We’ll call my client Defendant X. Defendant X was stopped by law enforcement. Defendant X was then subjected to the dog-and-pony show of field sobriety tests and subsequently arrested for DWI. In the car with Defendant X was a sibling, Passenger Y. This presented a problem for the police. It may have been debatable whether Defendant X was OK to drive, but it was clear to everyone involved that Passenger Y was in no shape to drive.
So what to do? They can’t release the car to Passenger Y. They can’t tow the car and leave Passenger Y by the side of the road. Well, I suppose they probably could. Passenger Y wasn’t driving, so the police can’t arrest the person for a DWI.
But when DWI fails, there’s always the fallback, PI. Passenger Y was arrested for Public Intoxication and everyones’ problems were solved. The police didn’t have to worry about what to do with Passenger Y, and the local municipality stood to make a little money off of a PI citation.

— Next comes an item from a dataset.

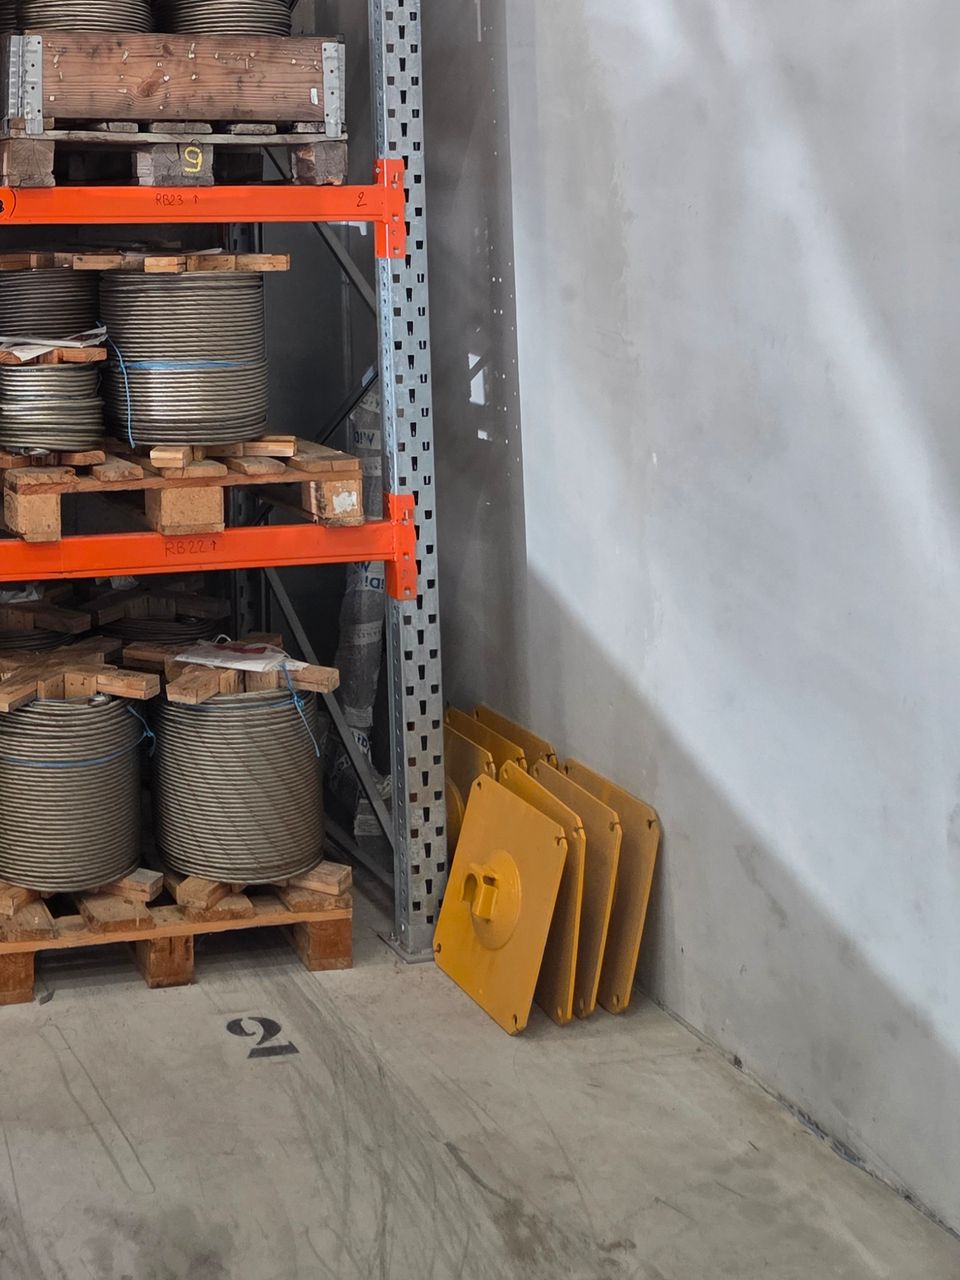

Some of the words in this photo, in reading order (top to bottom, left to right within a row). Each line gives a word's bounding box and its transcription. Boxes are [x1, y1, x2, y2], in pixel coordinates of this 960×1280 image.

[153, 192, 185, 208] RB23
[163, 539, 208, 558] RB22
[225, 1014, 301, 1060] 2

Texas Penal Code § 49.02 is the PI statute, and it reads:
A person commits an offense if the person appears in a public place while intoxicated to the degree that the person may endanger the person or another.
Let’s look at Passenger Y’s situation. Were they in a public place? Yes, the side of a state highway would be considered a public place.
Were they intoxicated? At the very least, they appeared to be intoxicated. The officer attempted to do field sobriety tests. There was no breath or blood work done however.
Now, was Passenger Y intoxicated to a degree that they were a danger to themselves or another? That seems to be a pretty board range there. A prosecutor could probably put forth a decent argument that anyone who’s intoxicated presents a danger to themselves. And as Robert Guest notes, the Courts seem to agree with this line of thinking, citing two cases.
Where defendant was walking down the middle of the street in the middle of night, appeared glassy-eyed and unsteady on his feet, arrest for public intoxication in violation of Tex. Penal Code Ann. § 49.02(a) was proper. Williams v. State, 1997 Tex. App. LEXIS 3314 (Tex. App. Houston 14th Dist. June 26 1997).
And
A person commits the offense of public intoxication if that person appears in a public place while intoxicated to the degree that he may endanger himself or another; the danger need not be immediate, it is sufficient if the accused renders himself or others subject to potential danger. Null v. State, 1997 Tex. App. LEXIS 2646 (Tex. App. Houston 14th Dist. May 15 1997).
Potential danger? Unless you’re a bubble boy, there is potential danger in just about every single action we take every day. Just today, I could have slipped in the shower, spilled hot coffee on myself, and driven off the road into a tree, dying in a firey explosion. And I’d be sober while doing all of that.
Was Passenger Y a danger while riding shotgun in the car? Common sense would say no, but the courts would probably say yes.